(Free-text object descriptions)
===============
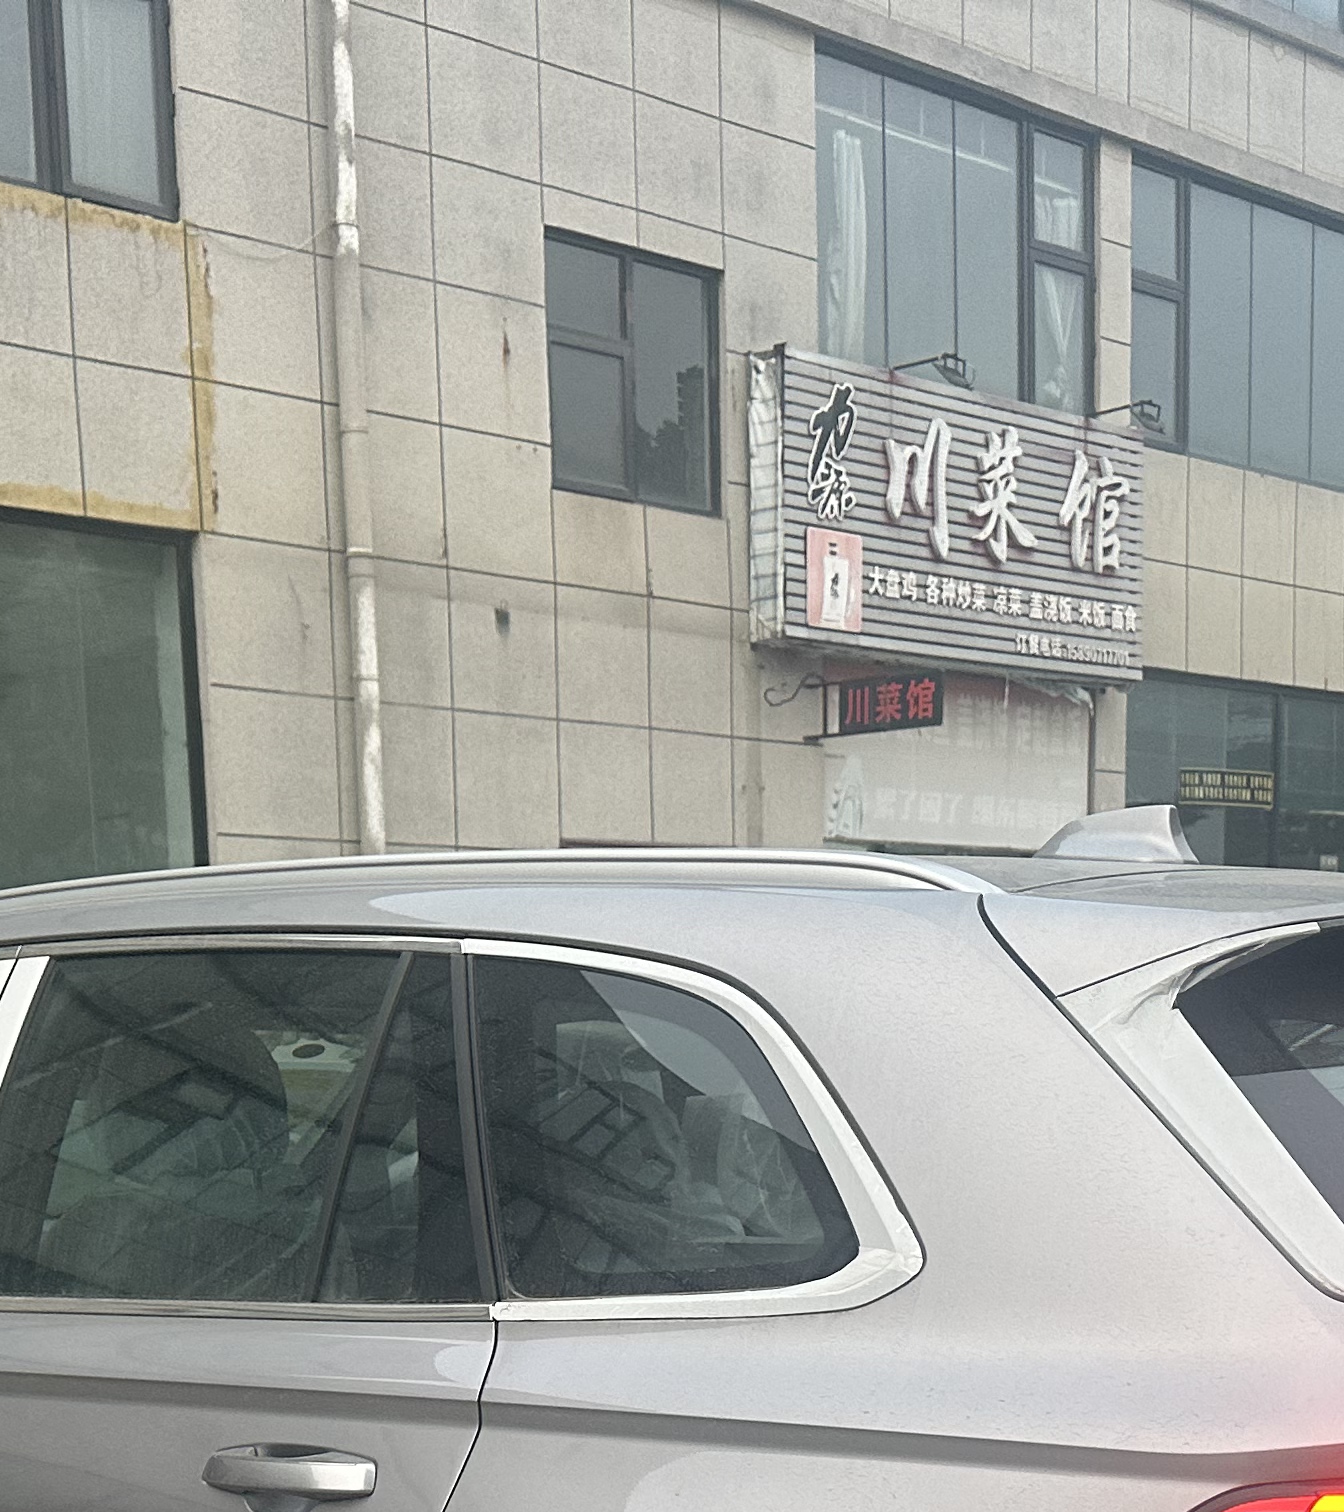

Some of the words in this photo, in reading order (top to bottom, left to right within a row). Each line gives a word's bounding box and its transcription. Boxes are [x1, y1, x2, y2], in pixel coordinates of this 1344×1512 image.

[884, 418, 1130, 575] 川菜馆
[868, 565, 917, 602] 大盘鸡
[925, 574, 987, 612] 各种炒菜
[1029, 591, 1073, 624] 盖浇饭
[1078, 599, 1106, 629] 米饭
[1110, 604, 1137, 633] 面食
[844, 678, 937, 726] 川菜馆
===============
▶ [Work to complete]:
Write the records out once more, exactly as they appear, with no pictures.

▶ [Problem solution]:
Some of the words in this photo, in reading order (top to bottom, left to right within a row). Each line gives a word's bounding box and its transcription. Boxes are [x1, y1, x2, y2], in pixel coordinates of this 1344×1512 image.

[884, 418, 1130, 575] 川菜馆
[868, 565, 917, 602] 大盘鸡
[925, 574, 987, 612] 各种炒菜
[1029, 591, 1073, 624] 盖浇饭
[1078, 599, 1106, 629] 米饭
[1110, 604, 1137, 633] 面食
[844, 678, 937, 726] 川菜馆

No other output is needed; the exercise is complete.